India’s Aadhaar program launched in 2009 and statutorily recognized by the Aadhaar (Targeted Delivery of Financial and Other Subsidies, Benefits and Services) Act, 2016 has emerged as the world’s largest biometric ID system. By linking fingerprints and iris scans to a 12-digit unique number, Aadhaar has sought to eliminate duplicate identities, plug welfare leakages, and foster financial inclusion. However, centralized biometric repositories raise fundamental human rights questions, particularly concerning privacy, data security, state surveillance, exclusion of vulnerable groups, and emergent frauds.

This paper employs a doctrinal-policy methodology to examine the legal framework underpinning Aadhaar including recent proposed amendments to align with the Digital Personal Data Protection Act, 2023, to review scholarly, judicial, and news-media literature identifying cryptographic vulnerabilities, consent deficits, transparency lacunae, and high-profile Aadhaar scams (such as the 2023 Madhya Pradesh police recruitment scam and the widespread “digital arrest” fraud in late 2024) analyze the implications of mass biometric storage for civil liberties; and propose policy and technical reforms. Through a systematic literature review, doctrinal analysis of statutes and case laws and comparative insights, the paper fills a research gap by integrating technical audits with human rights discourse. The findings reveal that while Aadhaar has delivered tangible social welfare benefits, its architectural centralization, insufficient consent mechanisms, weak independent oversight, and recent large-scale frauds threaten the inviolable right to privacy and risk state overreach. To reconcile digital innovation with fundamental rights, recommendations include adopting privacy-by-design principles, decentralizing biometric storage, strengthening grievance redressal, and curbing misuse that has enabled multi-crore scams.

KEYWORDS

Aadhaar; Biometric Data; Privacy; State Surveillance; Right to Privacy; Data Protection; Exclusion; Human Rights; Digital Fraud

In the last 10 years, digital identity projects have transformed public administration in many countries.
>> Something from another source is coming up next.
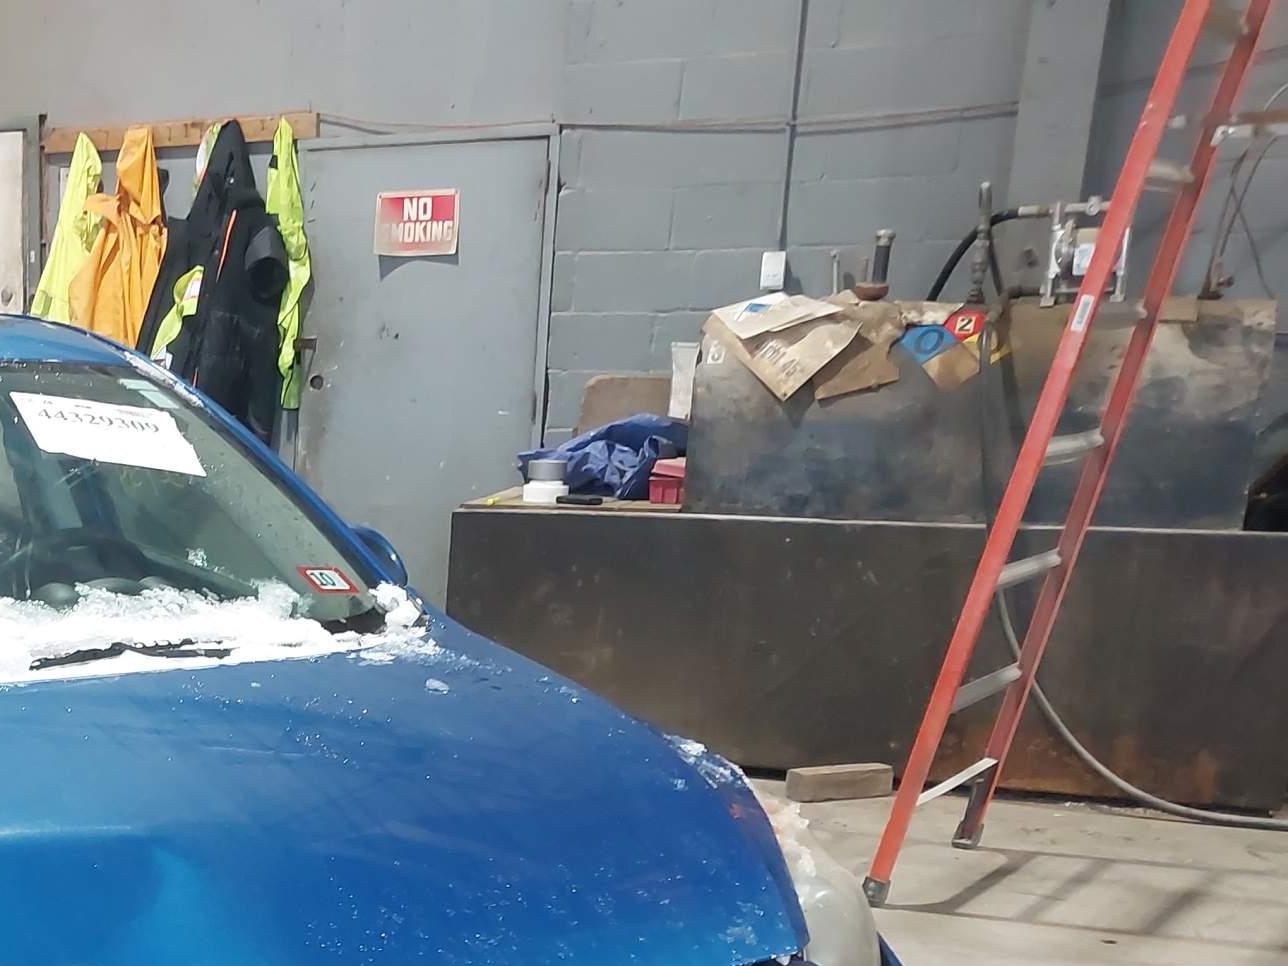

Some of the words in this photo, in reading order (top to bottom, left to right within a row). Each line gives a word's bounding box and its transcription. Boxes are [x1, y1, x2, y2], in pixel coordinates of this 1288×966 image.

[403, 196, 433, 221] NO
[378, 220, 453, 243] MOKING
[957, 317, 973, 332] 2
The Aadhaar project in India, which was developed by the Unique Identification Authority of India (UIDAI), aims to provide each resident in India with a unique 12-digit identification number linked to biometric (fingerprints, iris scans) data and demographic (name, date of birth, address) data. As of March 2023, Aadhaar included more than 99.9 percent of India's adult population, making it the world's largest biometric database. The Indian government emphasizes that Aadhaar has reduced "leakages" from welfare schemes (e.g., Public Distribution System, LPG subsidies), enabled direct benefit transfers, and improved financial inclusion for historically disadvantaged groups. However, while Aadhaar may have certain benefits, the centralized and immutable nature of Aadhaar's biometric data raises significant human rights issues. Scholars and civil rights activists point out that as long as Aadhaar remains centrally constructed and there are limited data-protection mechanisms, millions of Indians will remain vulnerable to data breaches, identity theft, and state surveillance. Although the Supreme Court of India finally acknowledged in its landmark ruling of Justice K.S. Puttaswamy (Retd.) v. Union of India that privacy is a fundamental right and imposed restrictions on mandatory Aadhaar linkages, statutory oversight, effective technical safeguards, and the rapid mobilization towards newer data-protection standards under the Digital Personal Data Protection Act, remains incomplete. 

Recent media-covered Aadhaar scams, such as the 2023 Madhya Pradesh police recruitment scam, where a "Solver Gang" used technology to swap out candidates' Aadhaar photos and fingerprints in order to allow impersonated examinees, as well as the "digital arrest" scheme that diverted over ₹20 crore from an 86-year-old woman in Mumbai, highlight the need to examine Aadhaar as a service-delivery mechanism and simultaneously as a repository of dynamic cybercrime and state surveillance. This paper analyzes (a) the legal framework around Aadhaar and Biometric Data (and proposed changes to achieve alignment with DPDP Act, 2023); (b) privacy and security vulnerabilities present in biometric systems deploying large-scale (required) biometric data collection; (c) the implications for state surveillance and civil liberties; (d) exclusion-based harms to vulnerable populations; (e) new Aadhaar scams and fraud schemes; and (f) approaches to imagining a framework and generating recommendations. This student authored yet comprehensive analysis identified the pressing need for a balance between India's digital era transition and human rights protections, based on scholarly and policy related literature, court decisions, and some media coverage. 

AADHAAR ACT, 2016 

The Aadhaar (Targeted Delivery of Financial and Other Subsidies, Benefits and Services) Act, 2016 was enacted to give legal legitimacy to the Aadhaar effort, which had existed in practice since 2009. The Unique Identification Authority of India (UIDAI) is charged under the Act to collect demographic and biometric information and to issue a unique identification (UID) number consisting of 12 digits. The Act defines biometric information in section 2(g) to include fingerprinting, iris scans and facial photographs, while demographic information in section 2(k) includes data like name, date of birth, and address.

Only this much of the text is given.